CO2 emissions should face higher taxes

Gas is one fuel to be taxed under the new CO2 levy Keystone

Switzerland needs more ambitious energy and climate policies according to a report from the International Energy Agency (IEA) released on Monday.

This content was published on November 26, 2007 - 21:49

The IEA warned that current efforts to rein in atmospheric pollution including voluntary measures and the so-called "climate centime" are insufficient, and that higher taxes on fuel were necessary.

Agency director Nobuo Tanaka said in Bern that while Switzerland had made progress towards reducing greenhouse gases under the Kyoto Protocol, it also had to look further down the road.

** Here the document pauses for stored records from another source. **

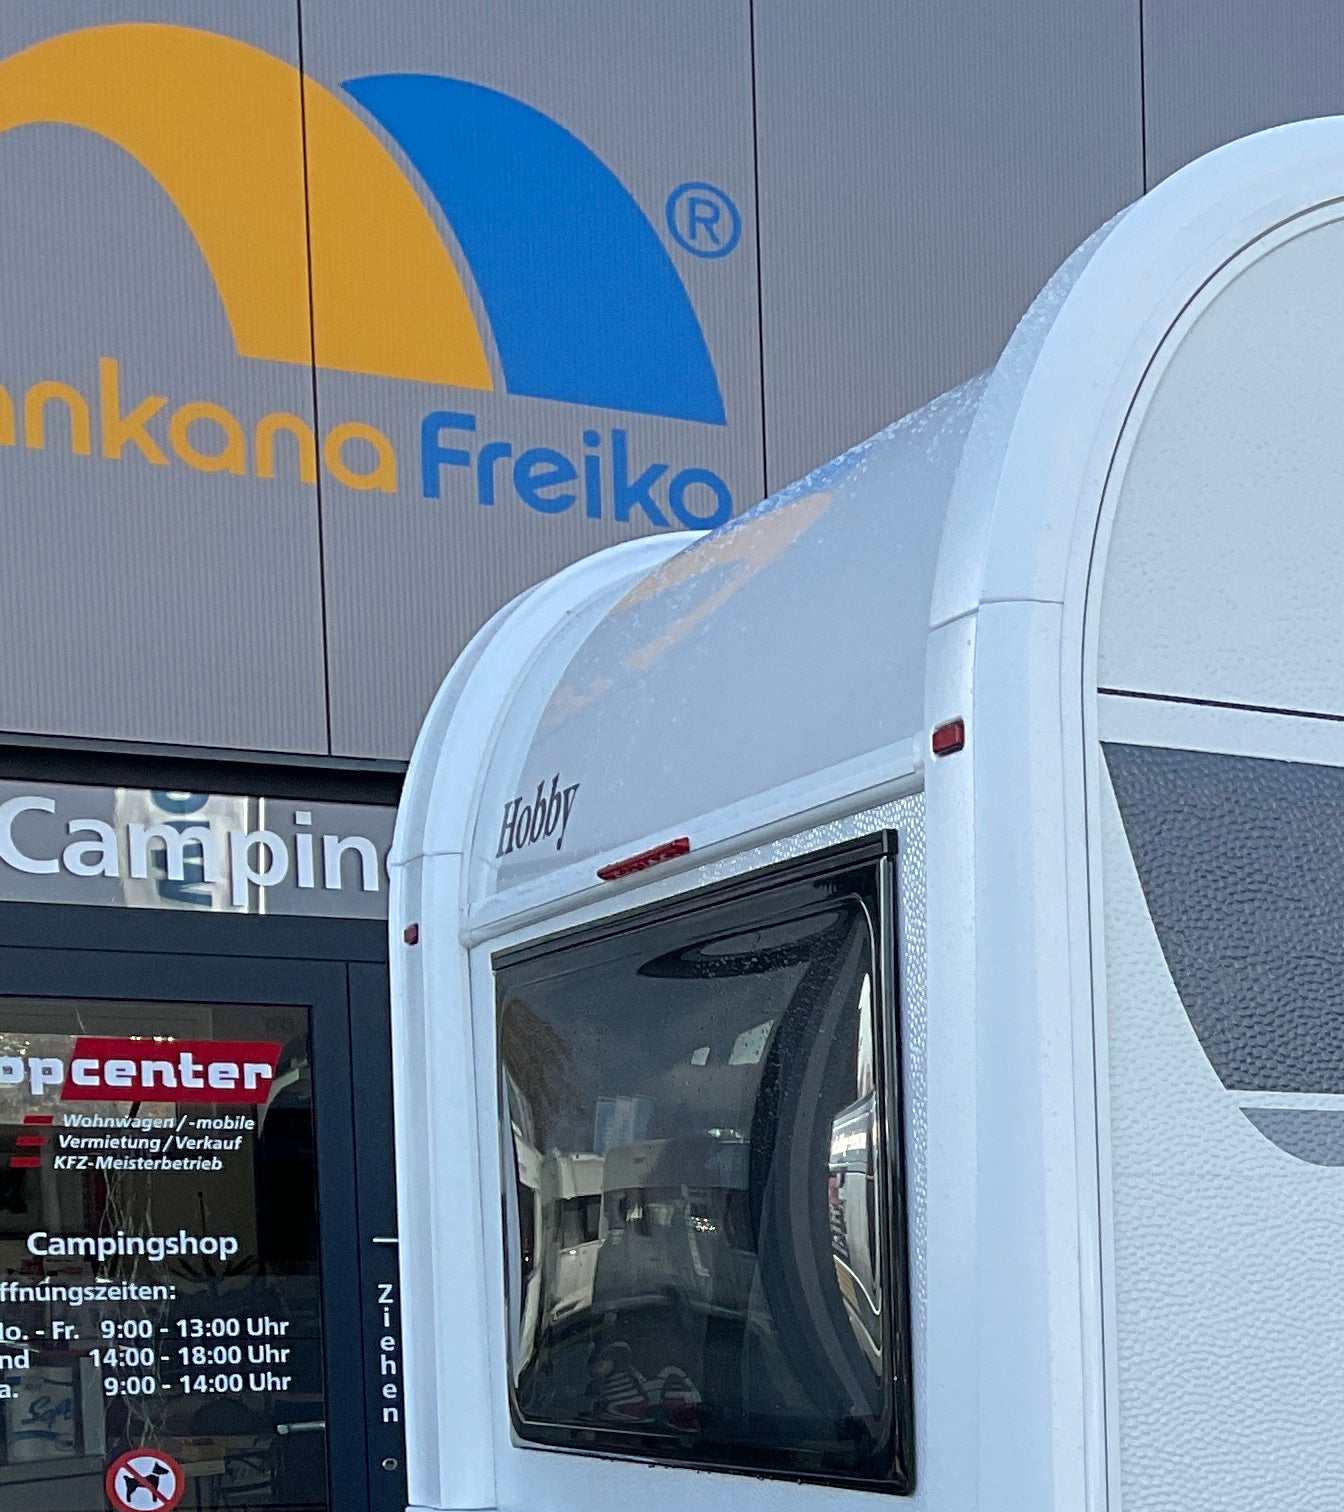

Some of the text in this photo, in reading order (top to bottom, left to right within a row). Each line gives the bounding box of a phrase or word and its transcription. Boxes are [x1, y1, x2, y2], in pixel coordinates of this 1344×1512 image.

[0, 355, 733, 530] nkana Freiko
[495, 772, 580, 859] Hobby
[53, 1154, 224, 1171] KFZ-Meisterbetrieb
[26, 1230, 239, 1262] Campingshop
[51, 1320, 81, 1340] Fr.
[100, 1319, 153, 1339] 9:00
[176, 1317, 241, 1338] 13:00
[246, 1316, 290, 1337] Uhr
[88, 1347, 155, 1368] 14:00
[177, 1345, 243, 1366] 18:00
[247, 1344, 291, 1364] Uhr
[377, 1283, 399, 1424] Ziehen
[103, 1375, 156, 1397] 9:00
[179, 1373, 243, 1394] 14:00
[248, 1371, 292, 1392] Uhr
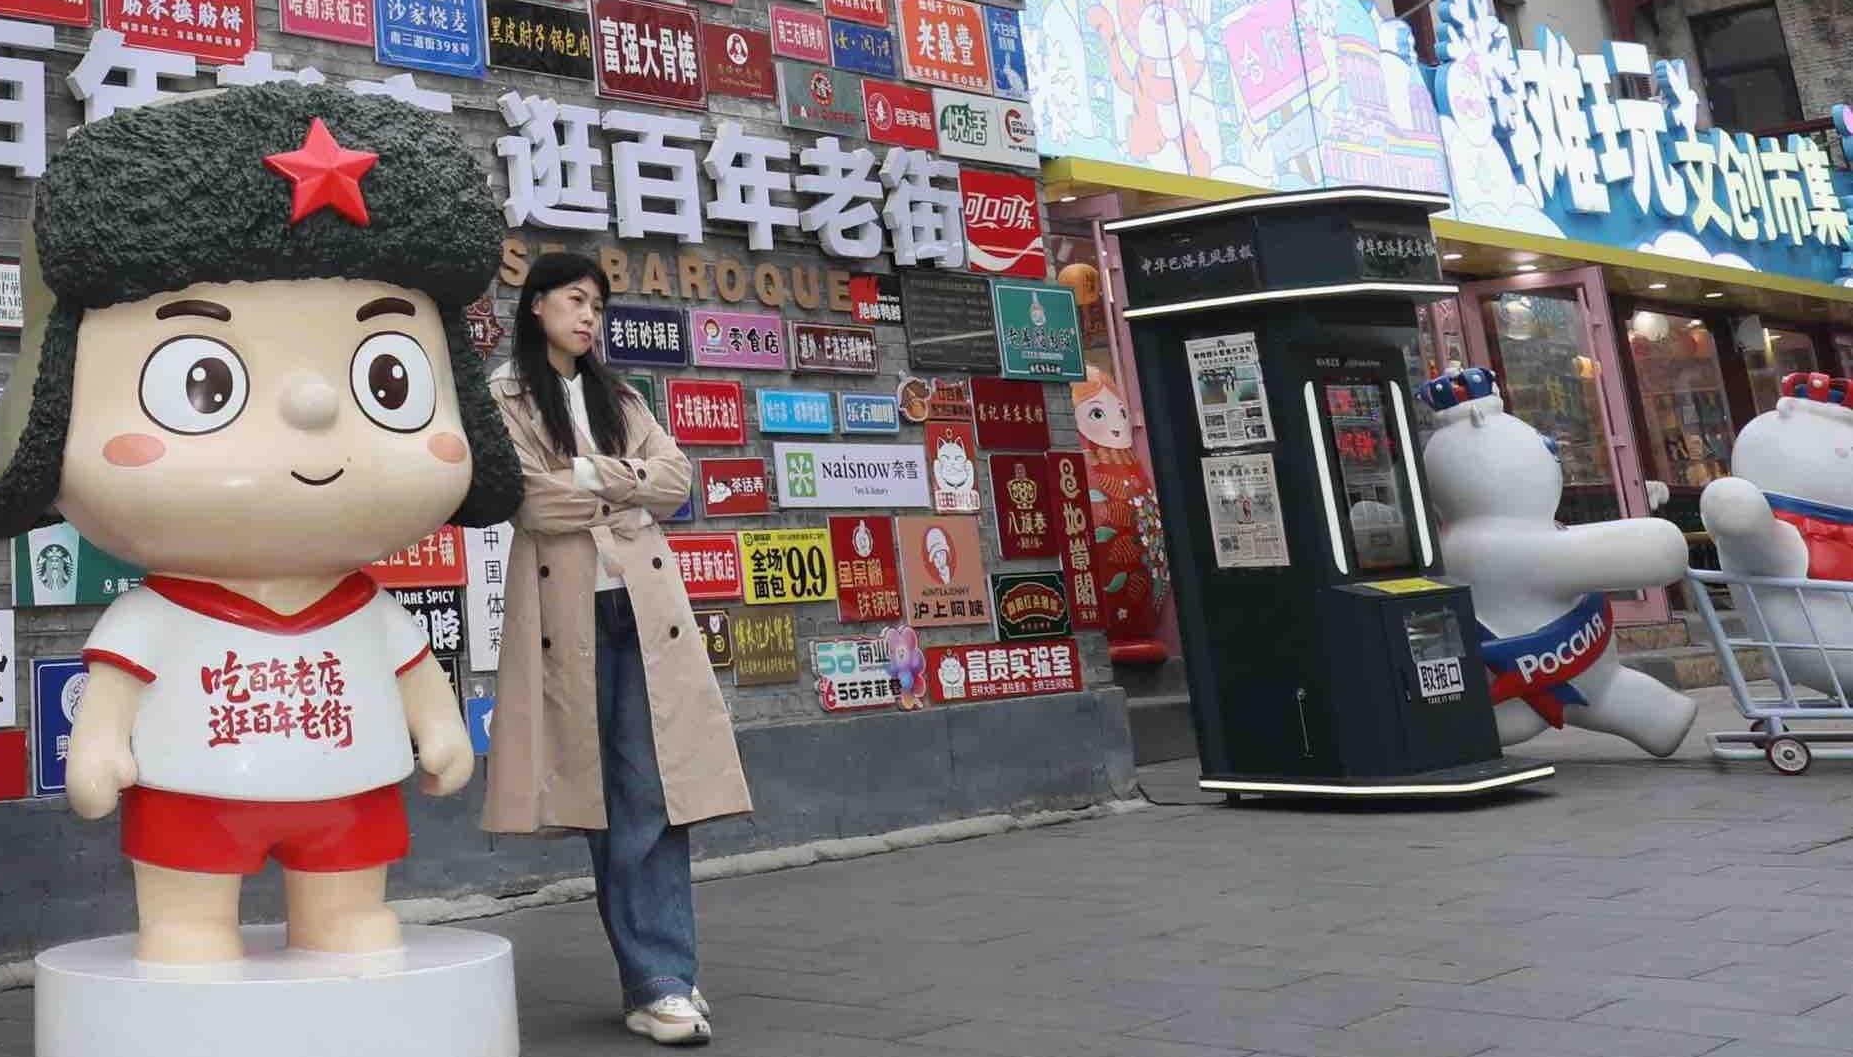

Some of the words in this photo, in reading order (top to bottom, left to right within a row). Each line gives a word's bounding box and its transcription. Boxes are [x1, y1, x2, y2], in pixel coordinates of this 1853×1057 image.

"Kyoto is just the first step and must be followed by a more ambitious international agreement," he added. "The real challenge is yet to come and lies in the post-Kyoto period"

With oil use responsible for more than three quarters of Switzerland's carbon dioxide emissions, the IEA report pointed out that efforts to cut greenhouse gases must now focus on transport and heating.

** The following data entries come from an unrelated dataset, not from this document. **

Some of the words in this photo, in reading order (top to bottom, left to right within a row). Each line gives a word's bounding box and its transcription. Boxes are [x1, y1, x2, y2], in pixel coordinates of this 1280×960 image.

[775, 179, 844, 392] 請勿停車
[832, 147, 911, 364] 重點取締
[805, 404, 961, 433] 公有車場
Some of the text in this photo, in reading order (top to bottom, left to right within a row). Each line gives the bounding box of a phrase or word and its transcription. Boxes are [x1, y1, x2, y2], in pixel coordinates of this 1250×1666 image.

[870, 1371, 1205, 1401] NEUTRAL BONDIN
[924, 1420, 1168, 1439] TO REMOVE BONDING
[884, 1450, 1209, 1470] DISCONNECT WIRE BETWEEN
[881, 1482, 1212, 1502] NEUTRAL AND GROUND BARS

One solution adopted by the Swiss to promote more reasonable energy use is a tax on carbon dioxide (CO2) emissions that comes into force on January 1. Heating oil and gas will face levy of SFr12 for each ton of CO2 emitted.

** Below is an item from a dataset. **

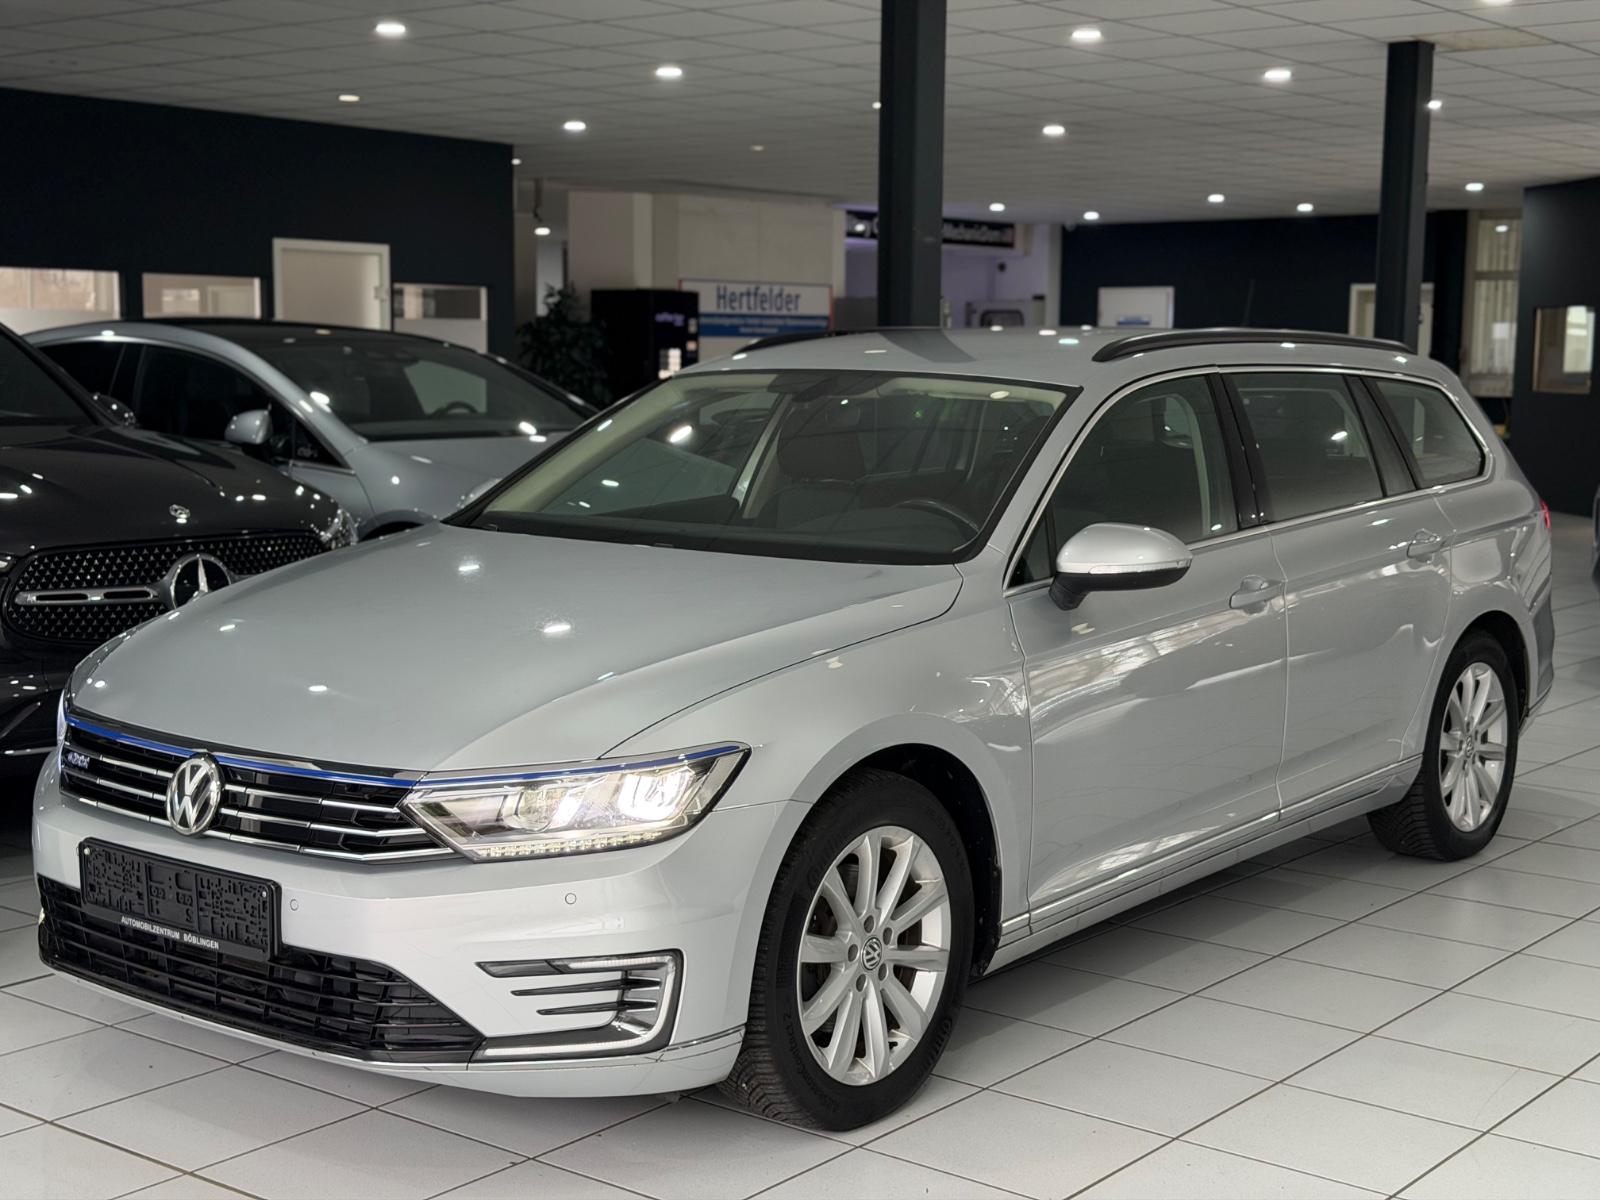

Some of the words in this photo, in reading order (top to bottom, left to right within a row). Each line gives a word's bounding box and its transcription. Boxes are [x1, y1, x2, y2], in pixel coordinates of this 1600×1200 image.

Tanaka said though that compared with European countries, Switzerland was not taxing oil use sufficiently to make it unattractive when necessary. The IEA recommends raising these taxes further.

Swiss Energy Minister Moritz Leuenberger, who met Tanaka earlier in the day, was pleased with the recommendation, which corresponds with his own views on the issue.

Leuenberger said that Swiss drivers enjoyed travelling alone in thirsty cars too much for their own good – reason enough to increase fuel taxes.

The IEA suggests implementing measures that include promoting vehicles that use little energy, limiting CO2 emissions from new cars and trucks or increasing the cost of parking. The number of parking spaces could also be cut.

Supply gap

Tanaka said the other major challenge for the Swiss would the projected electricity supply gap.

Renewable energies and efficiency would help make up some of the shortfall, but given that the country wants to remain independent form foreign suppliers, it would have to consider nuclear and gas-fired power plants.

Tanaka suggested the Swiss streamline the decision process for nuclear power, although he admitted the problem of nuclear waste must also be resolved.

He added that building gas-powered plants was also problematic since it contradicted Switzerland's greenhouse gas targets. Tanaka said though this could be overcome if the Swiss were prepared to enforce emissions reductions across the board.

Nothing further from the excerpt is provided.